Hi and thanks for taking some time to look at my question. I have a part of the page where content is dynamicly loaded into from another file. Reason for this is it needs to be live updated. Now I want to be able to apply jquery effects that are usually used for show/hiding content (slide, fade etc) to animate the difference between the current data and the new data.
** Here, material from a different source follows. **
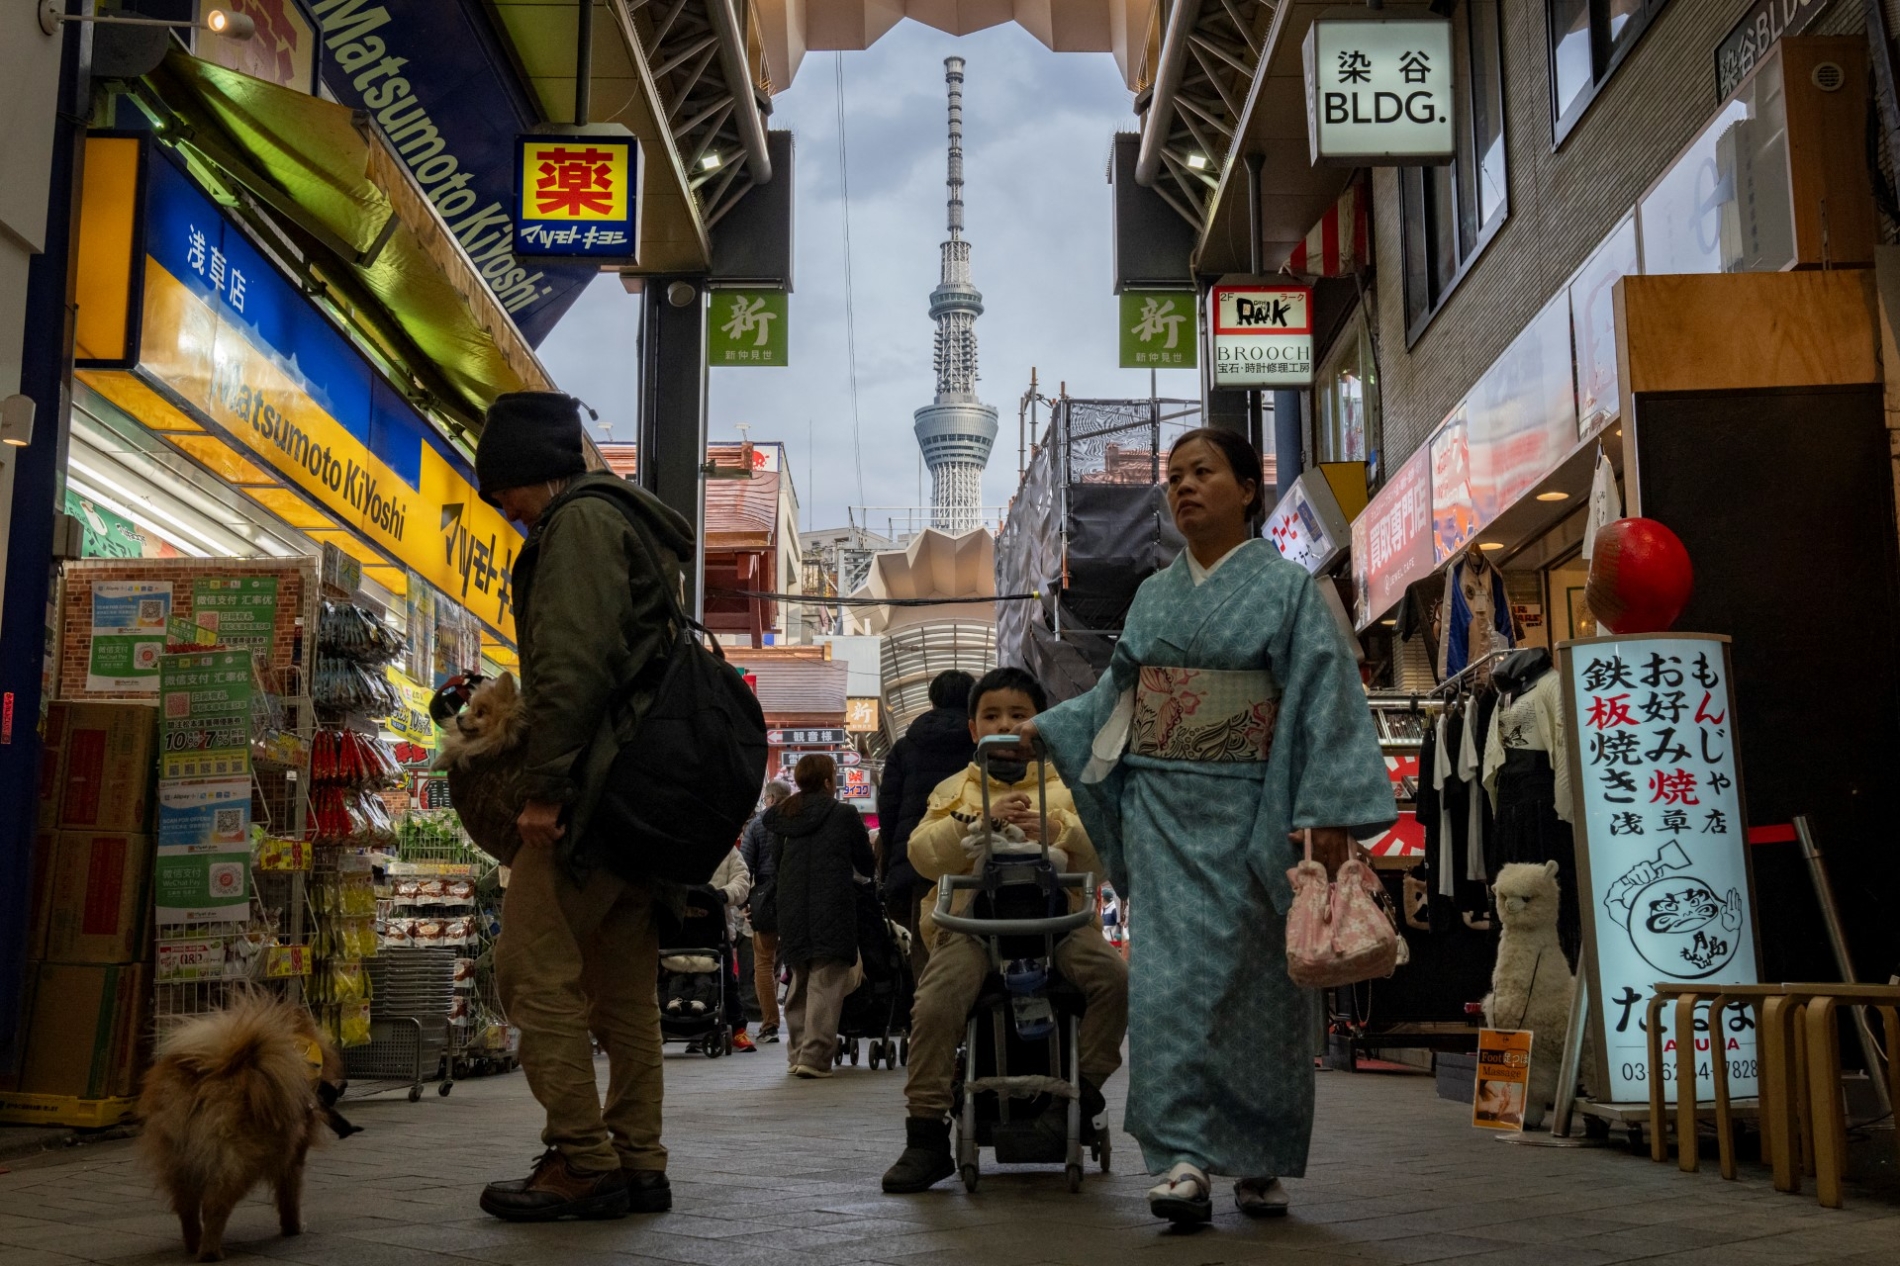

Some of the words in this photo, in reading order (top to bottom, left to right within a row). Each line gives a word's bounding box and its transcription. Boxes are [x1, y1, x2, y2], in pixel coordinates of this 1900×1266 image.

This is the code used to get the content and load it into the div:
function k() {
$.post("../includes/ajaxAgenda.php", {
limit : value
}, function(data) {
$('#tab-agenda').html(data);
});
};
$(document).ready(function() {
k();
$('#tab-agenda').scroll(function() {
loadMore();
});
});
var refreshId = setInterval(function() {
k();
}, 1000);
So I guess my question is how do I animate what gets loaded in so it doesn't just "pop" from one content to another?
edit: I tried using the .live instead of .scroll but it doesn't seem to work:
$(document).ready(function() {
$('#tab-agenda').live("scroll",function() {
alert("hi");
loadMore();
});
});
You need to use live function of jquery to bind the dynamically added elements.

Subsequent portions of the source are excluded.